NML Capital argues that Argentina should pay out the full value of the bonds owed to its affiliates at the same time as it begins to pays back creditors which have agreed to restructured debt. Argentina has instead offered the hedge fund similar repayment conditions accepted by the other 92 percent of creditors, arguing that if it is obligated to pay all of this debt at once then the South American country could be forced to default. NML Capital has refused the offer.

“It’s our obligation to take responsibility for paying our creditors, but not to become the victims of extortion by speculators,” said Argentine president Christina Kirchner to national media recently.

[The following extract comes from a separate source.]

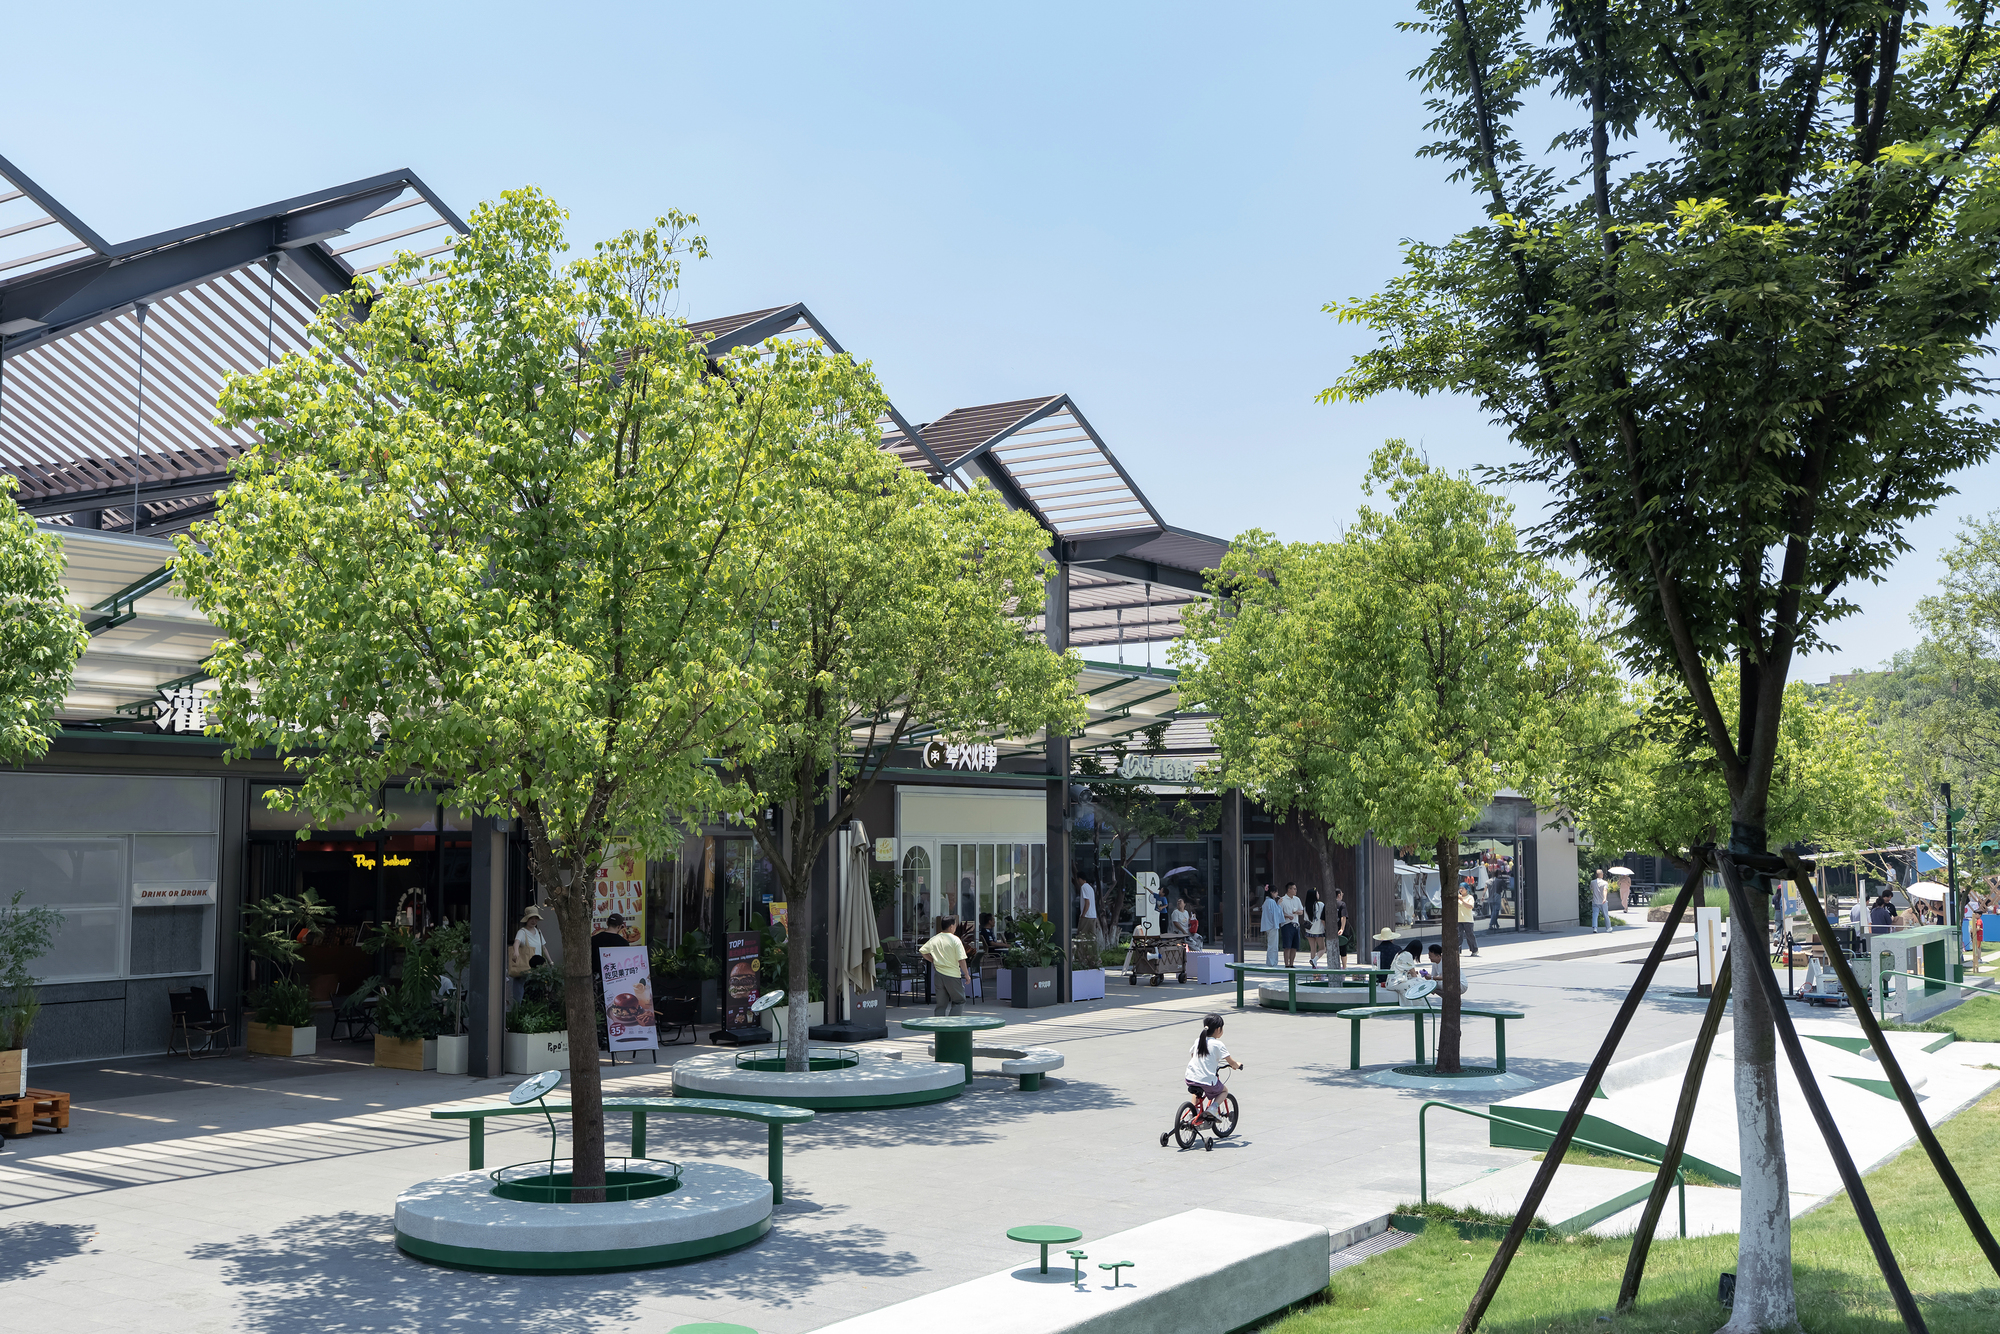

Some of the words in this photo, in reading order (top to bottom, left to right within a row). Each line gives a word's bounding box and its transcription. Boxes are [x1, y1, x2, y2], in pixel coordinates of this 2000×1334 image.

However a U.S. Supreme Court ruling last month went against Argentina, requiring the country to pay the full amount to NML Capital & related creditors. This was based on an interpretation of a parity clause in U.S. law which says that all creditors should be treated equally, and thus paid as one bloc, rather than negotiations and payments being made with separate creditors, which gives more flexibility to debt repayment.

Under the ruling, if Argentina does not pay up by 30 July then it will be considered as having defaulted on its debt obligations.

OAS reaction

On Thursday, 32 OAS member states issued a declaration against the U.S. Supreme Court ruling and in solidarity with the Argentine position in the dispute.

The resolution stated that Argentina had the right to restructure and repay debt with different bondholders, as it had done in 2005 and 2010, to allow “that payment streams be distributed to cooperative creditors following agreements made with them in the process of consensual readjustment of debt”.

The statement also underlined the organisation’s “full support for reaching a solution that seeks to facilitate the wide process of restructuring Argentina’s sovereign debt”.

The only countries in the hemisphere to not support the resolution were the United States and Canada. The U.S. government said that it had to abstain on the motion because the issue “continues being a judicial matter in the United States”. Canada did not offer an official reason.

OAS general secretary Jose Miguel Insulza referred to the situation as an “unjust aberration” that prevented Argentina from meeting its debt obligations and threatened the stability of the global financial system.

“When there is such a serious situation, such a painful problem, where there is a risk of crisis in the international system, we have reached a very solid agreement [in the OAS],” the official of Chilean origin said.

Venezuela also offered its strong support for Argentina, and said that the situation demonstrated the need for a “new international financial system”.

“Argentina cannot be compelled to pay a debt under unacceptable conditions, one that is immoral anyway. That’s why we’ve supported Argentina, and we will continue supporting her,” said Venezuelan foreign minister Elias Jaua during the OAS meeting in Washington.

Jaua called for the creation of a regional financial architecture which would prevent such cases in the future by building on existing initiatives such as the Sucre currency and the Bank of the South.

“We’re going to support each other, we’re going to strengthen the Bank of the South, we’re going to create a Latin American tribunal to settle differences, we’re going to advance toward the creation of a financial centre of economic power,” he said.

The director of Venezuela’s Central Bank (BCV), Eudomar Tovar, has also commented on the case. In his opinion, the way the case has evolved suggests that there is “an entanglement of political and economic links between big international capital and even financial institutions. If they [NML Capital] don’t want to negotiate it’s because they believe that there is a possibility that they will be paid 100%”, he argued.

The BCV director also reported on the advancement of the Bank of the South regional development bank, whose administrative council was installed in the BCV’s headquarters last week.

It is hoped that the bank will begin functioning in the medium term. Brazil, Argentina, Bolivia, Ecuador, Paraguay, Uruguay and Venezuela are shareholders in the bank, while Chile and Peru are currently participating as observers.